Sarkozy has promised to forge ahead with reforms but the right-winger cannot act until after the June 10 and 17 parliamentary polls when he is expected to call a special summer session to pass his first measures.

The new president appointed leftists to some key positions in the government he unveiled on Friday, a move designed to portray him as an open and inclusive leader and boost the right's support in the looming legislative battle.

Prime Minister Francois Fillon is spearheading the conservatives' campaign and met senior figures in the ruling UMP party today to discuss strategy. He is one of around a dozen government members contesting a seat.

''Of course we want to have a large, diverse majority. The president and the prime minister want a majority to support the government's actions and to allow reforms,'' UMP spokesman Luc Chatel said at a press briefing after the meeting.

The group plans to meet every Tuesday with Fillon, who will travel to Marseille on Wednesday for a major UMP rally ahead of the legislative vote.

The Socialists, in disarray since the defeat of their presidential candidate Segolene Royal in a May 6 presidential run-off, have urged voters to give them a large block in parliament that can force Sarkozy to tone down his programme.

LARGE MAJORITY According to a TNS-Sofres survey carried out for Le Figaro newspaper, most French people approved of Sarkozy's cabinet line-up and this was likely to translate into gains for his party in parliament.

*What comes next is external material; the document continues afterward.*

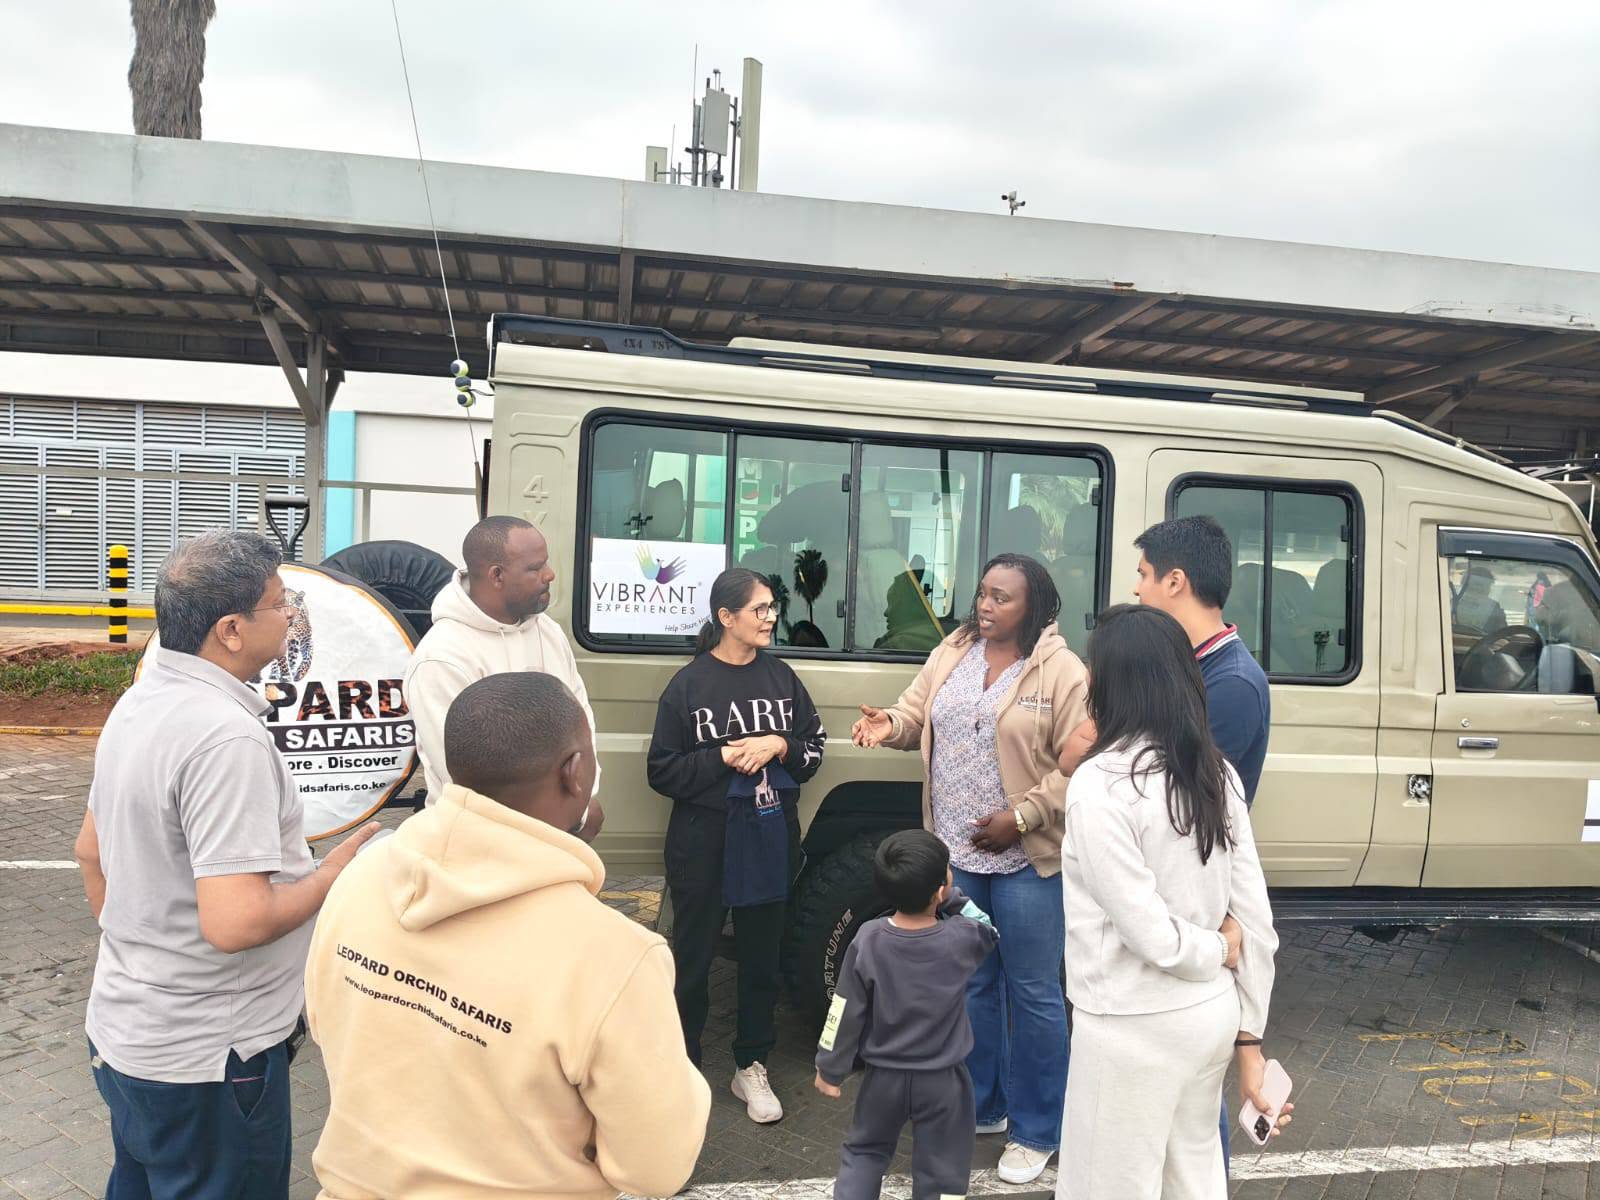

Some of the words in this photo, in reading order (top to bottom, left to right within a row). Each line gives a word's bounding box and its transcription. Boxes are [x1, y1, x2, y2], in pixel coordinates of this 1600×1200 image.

The poll said that 40 percent of French would vote for the ruling UMP candidate in their district in the first round of the election on June 10 compared to 28 percent for the candidate of the main opposition Socialist party.

That would give Sarkozy's party between 365 and 415 seats in the 577-member parliament, up from the 359 places it currently holds with allies and a comfortable majority that would allow him to push ahead with tricky pension and labour market reforms.

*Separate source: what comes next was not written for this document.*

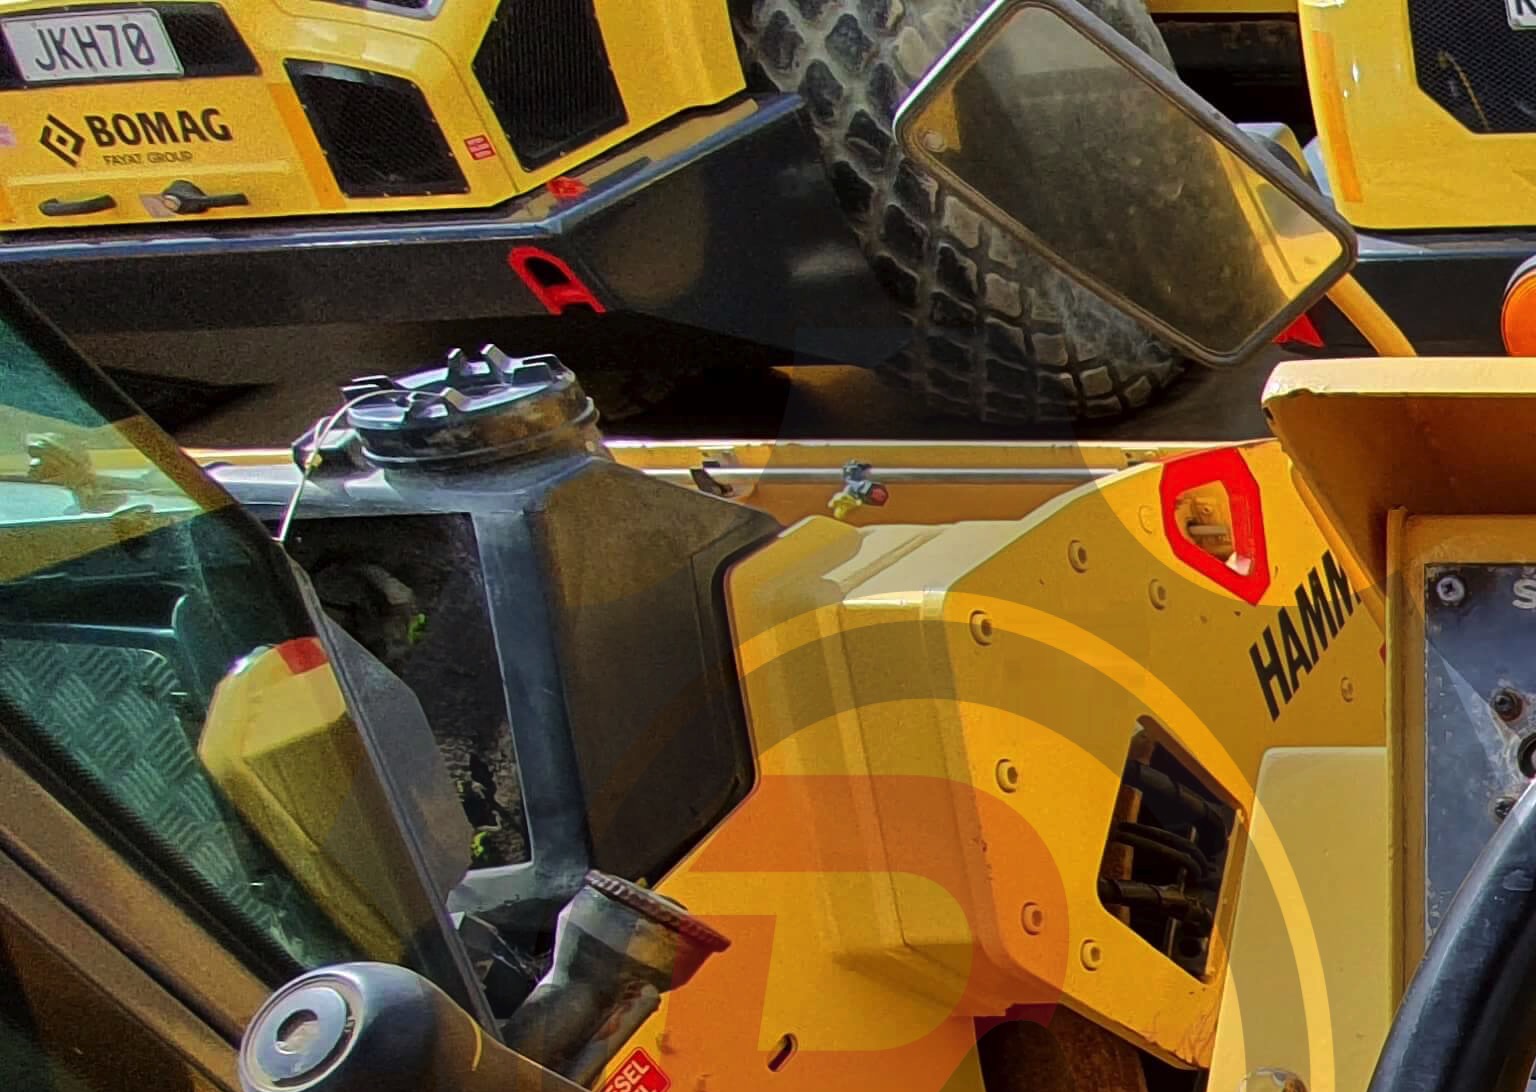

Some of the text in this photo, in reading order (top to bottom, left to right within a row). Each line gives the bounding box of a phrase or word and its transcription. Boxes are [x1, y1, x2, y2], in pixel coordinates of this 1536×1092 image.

[34, 23, 156, 71] JKH70
[84, 107, 234, 148] BOMAG
[103, 150, 193, 165] FAYAT GROUP
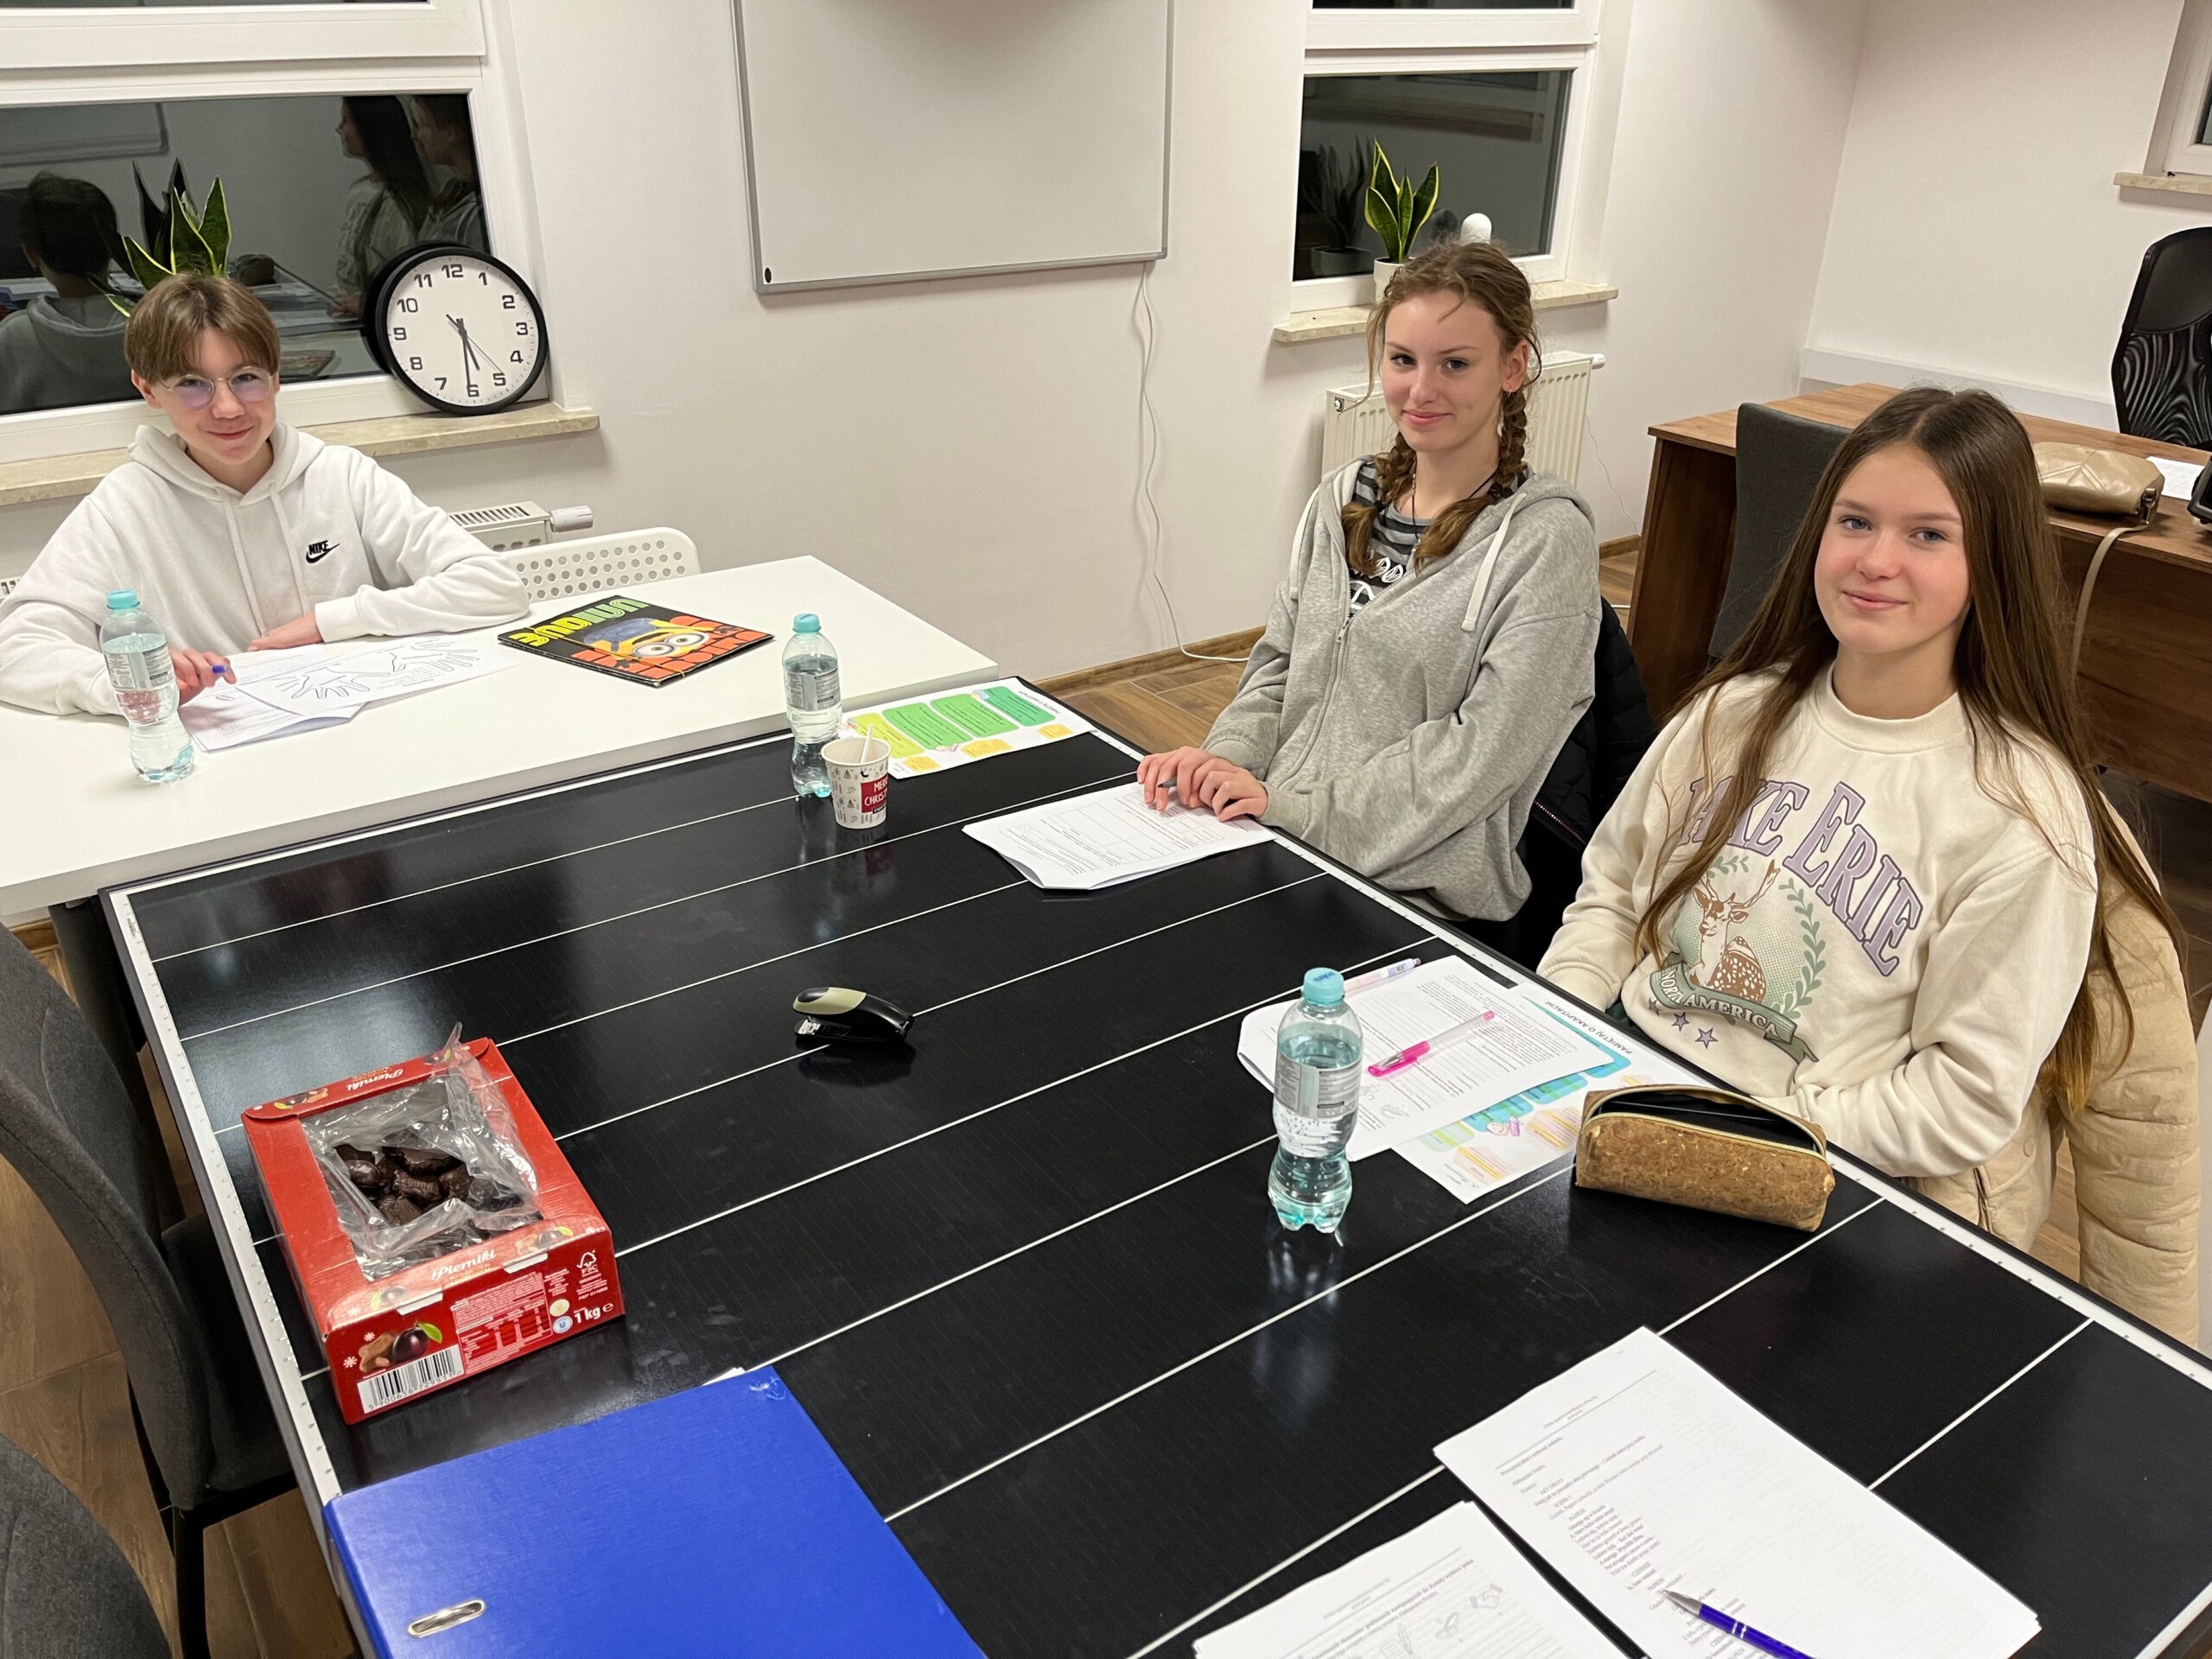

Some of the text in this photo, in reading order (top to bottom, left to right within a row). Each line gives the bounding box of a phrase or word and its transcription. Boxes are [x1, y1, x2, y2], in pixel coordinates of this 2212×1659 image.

The poll showed the opposition Socialists would get between 137 and 153 seats compared to the 149 seats it and its allies currently hold.

Centrist Francois Bayrou's new Democratic Movement would get between 2 and 10 seats -- his UDF party, which is changing names, held 29 seats in the outgoing parliament.

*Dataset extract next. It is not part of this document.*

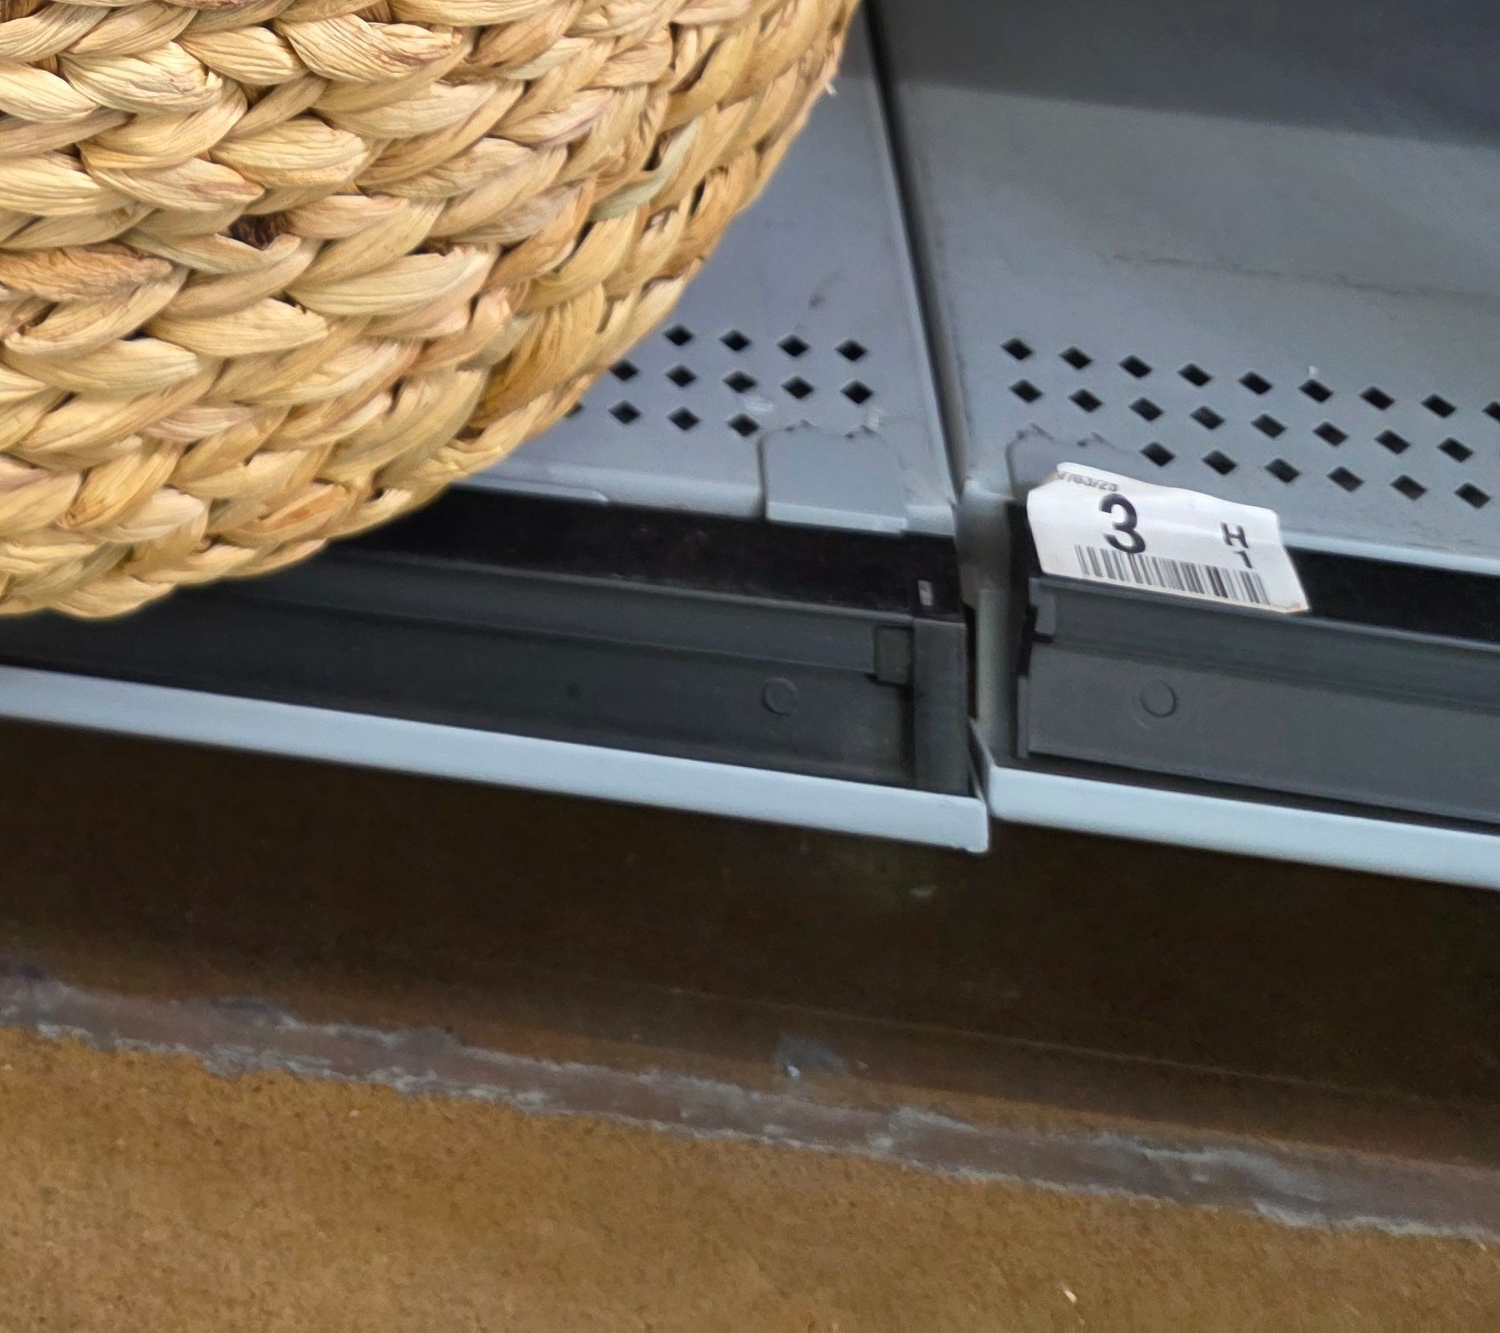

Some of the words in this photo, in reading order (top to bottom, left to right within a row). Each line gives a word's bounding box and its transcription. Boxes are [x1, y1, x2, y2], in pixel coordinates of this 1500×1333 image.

[1099, 493, 1146, 554] 3
[1220, 521, 1249, 550] H
[1234, 550, 1253, 569] 1

The Socialists are struggling to paper over party divisions that have burst into the open following Royal's defeat, and some party stalwarts urged colleagues to leave discussions of internal problems until after the vote.

''There are lots of problems at the heart of the Socialist party, but I am in favour of dealing with these after the legislative elections, because if we don't, we are going to have a completely pathetic performance,'' former Socialist prime minister Laurent Fabius said on LCI television.